Problem statement
For this exercise, write out every entry exactly and leave the pictures out.

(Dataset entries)
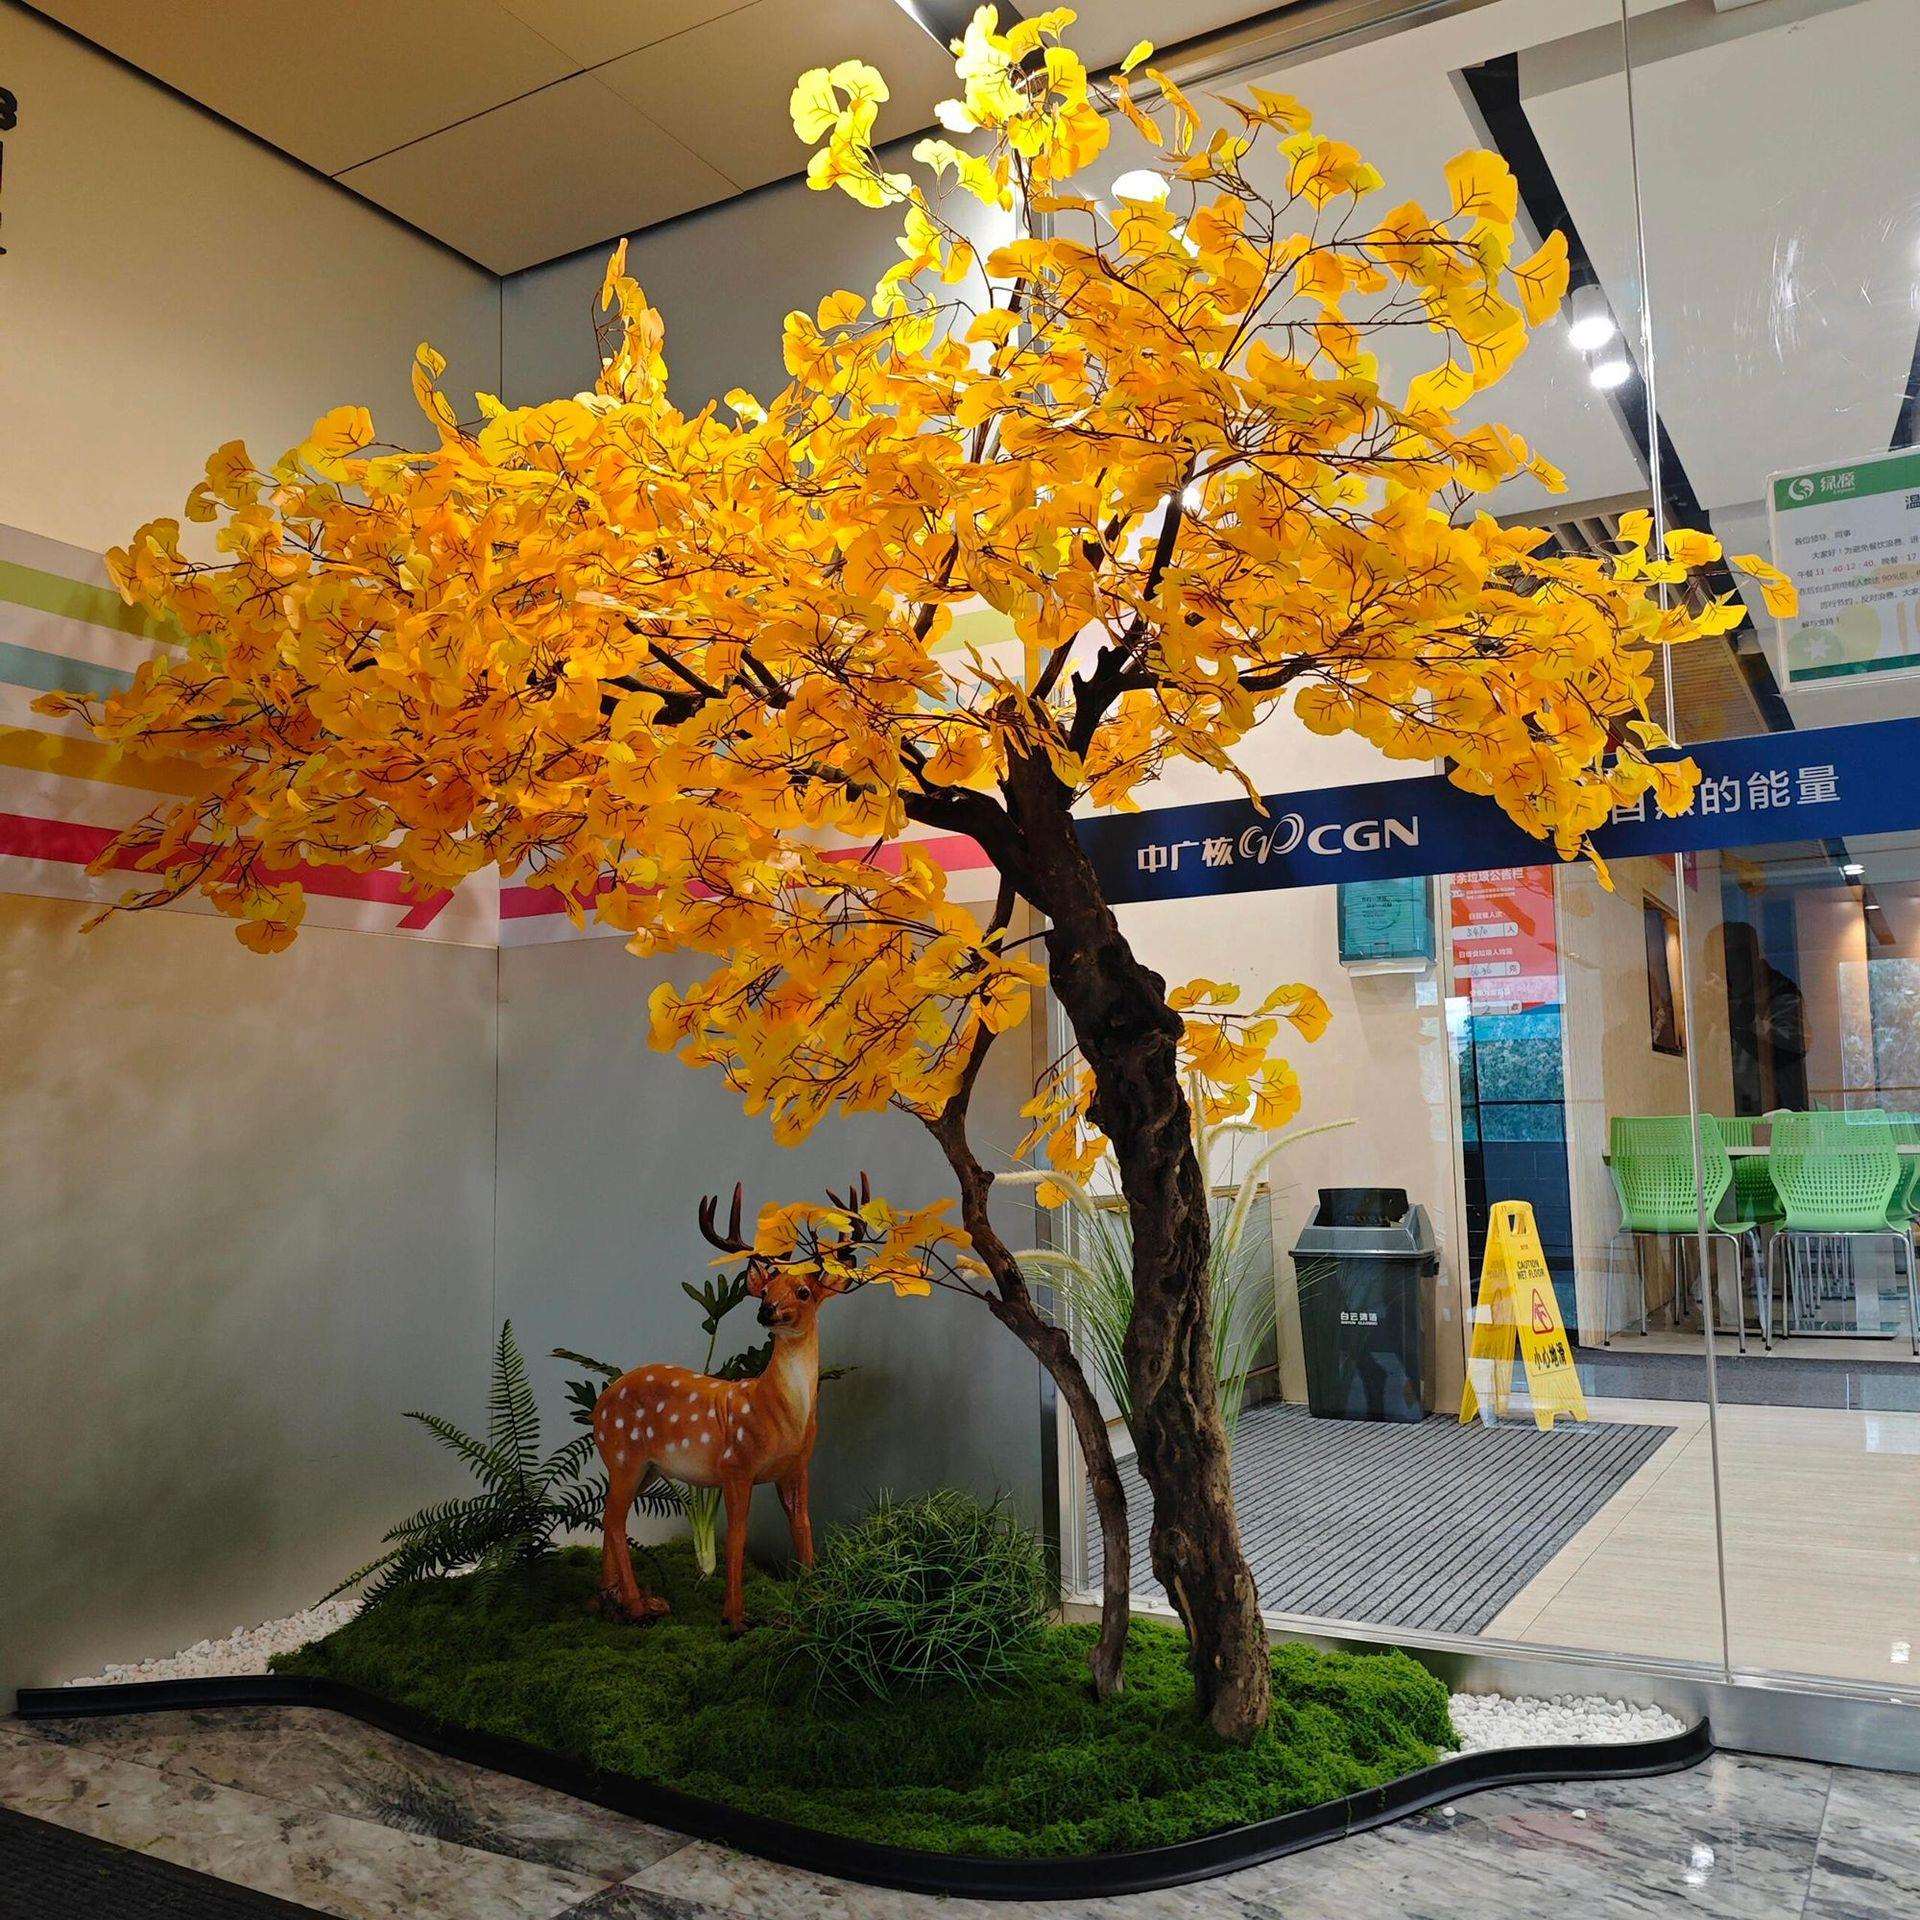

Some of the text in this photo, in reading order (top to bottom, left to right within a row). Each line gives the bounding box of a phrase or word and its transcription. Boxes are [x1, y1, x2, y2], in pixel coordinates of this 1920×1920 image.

[1611, 764, 1841, 825] 自的能量
[1138, 815, 1419, 873] 中广核 CGN
[1516, 1259, 1540, 1270] CAUTION
[1516, 1267, 1544, 1280] WET FLOOR
[1533, 1340, 1567, 1370] 小心地滑
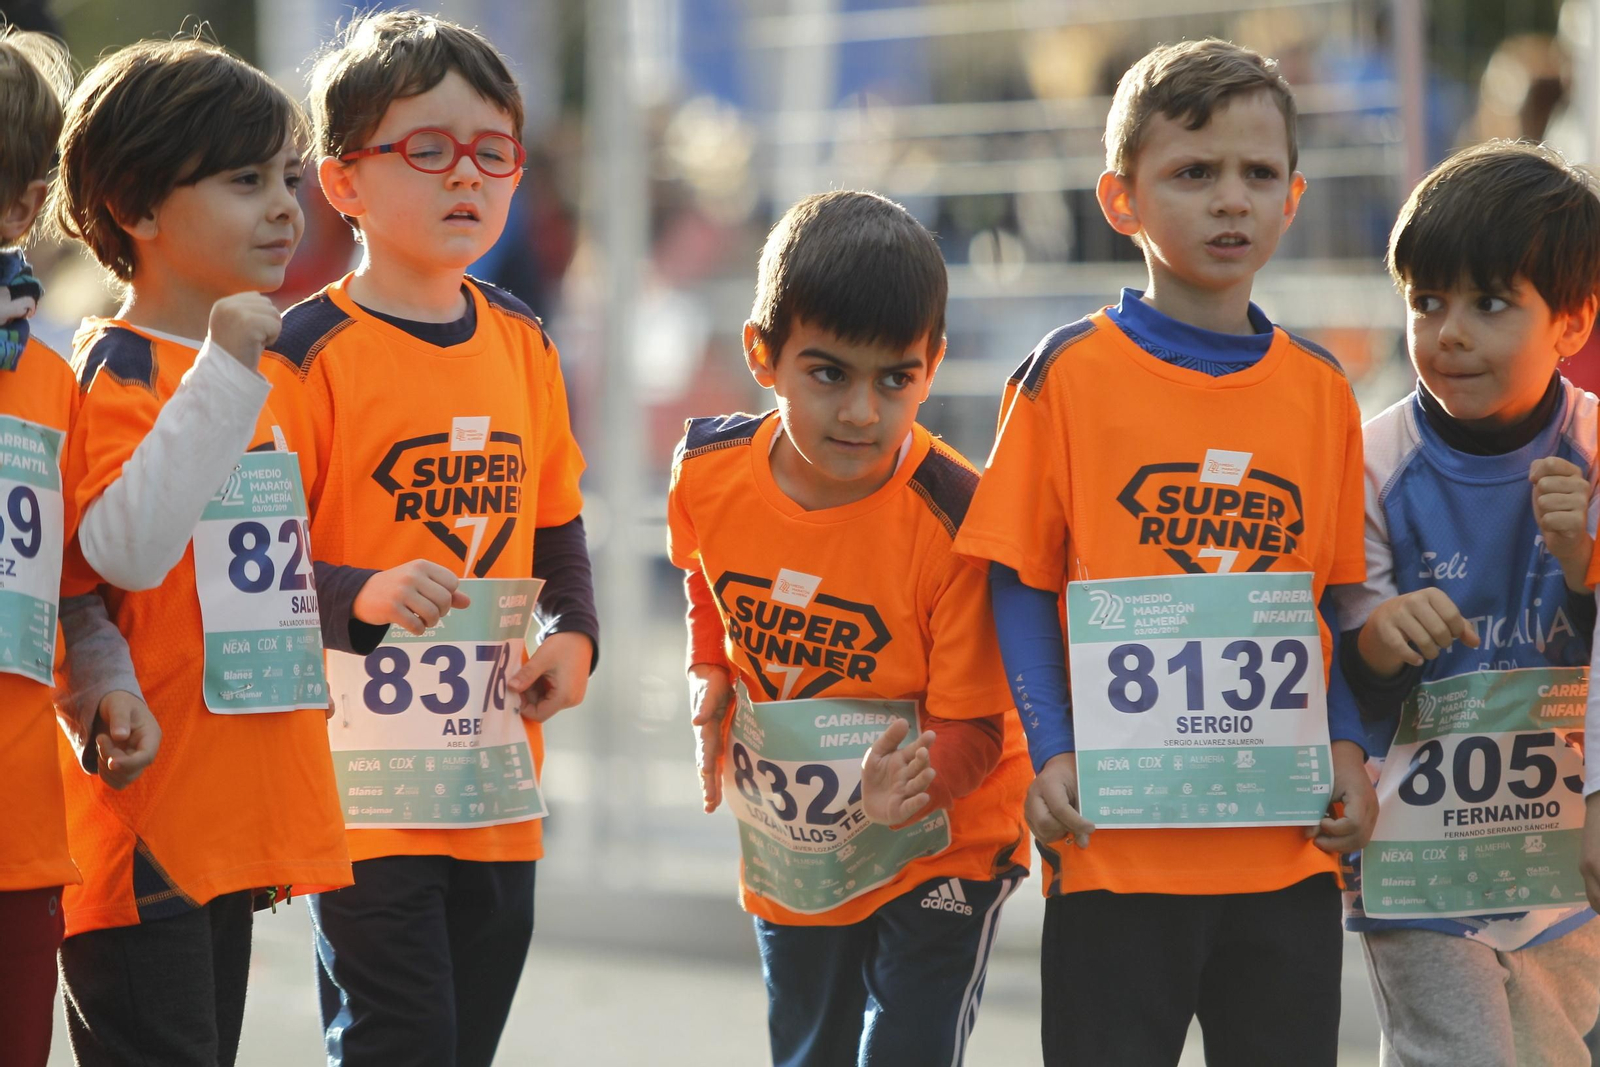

Exercise answer
Some of the text in this photo, in reading order (top to bottom, left to right within a row). Each line gives the bounding box of a phrase or word and its transcription. Boxes are [x1, y1, x2, y2], in pixel coordinates of this 1920×1920 image.

[1611, 764, 1841, 825] 自的能量
[1138, 815, 1419, 873] 中广核 CGN
[1516, 1259, 1540, 1270] CAUTION
[1516, 1267, 1544, 1280] WET FLOOR
[1533, 1340, 1567, 1370] 小心地滑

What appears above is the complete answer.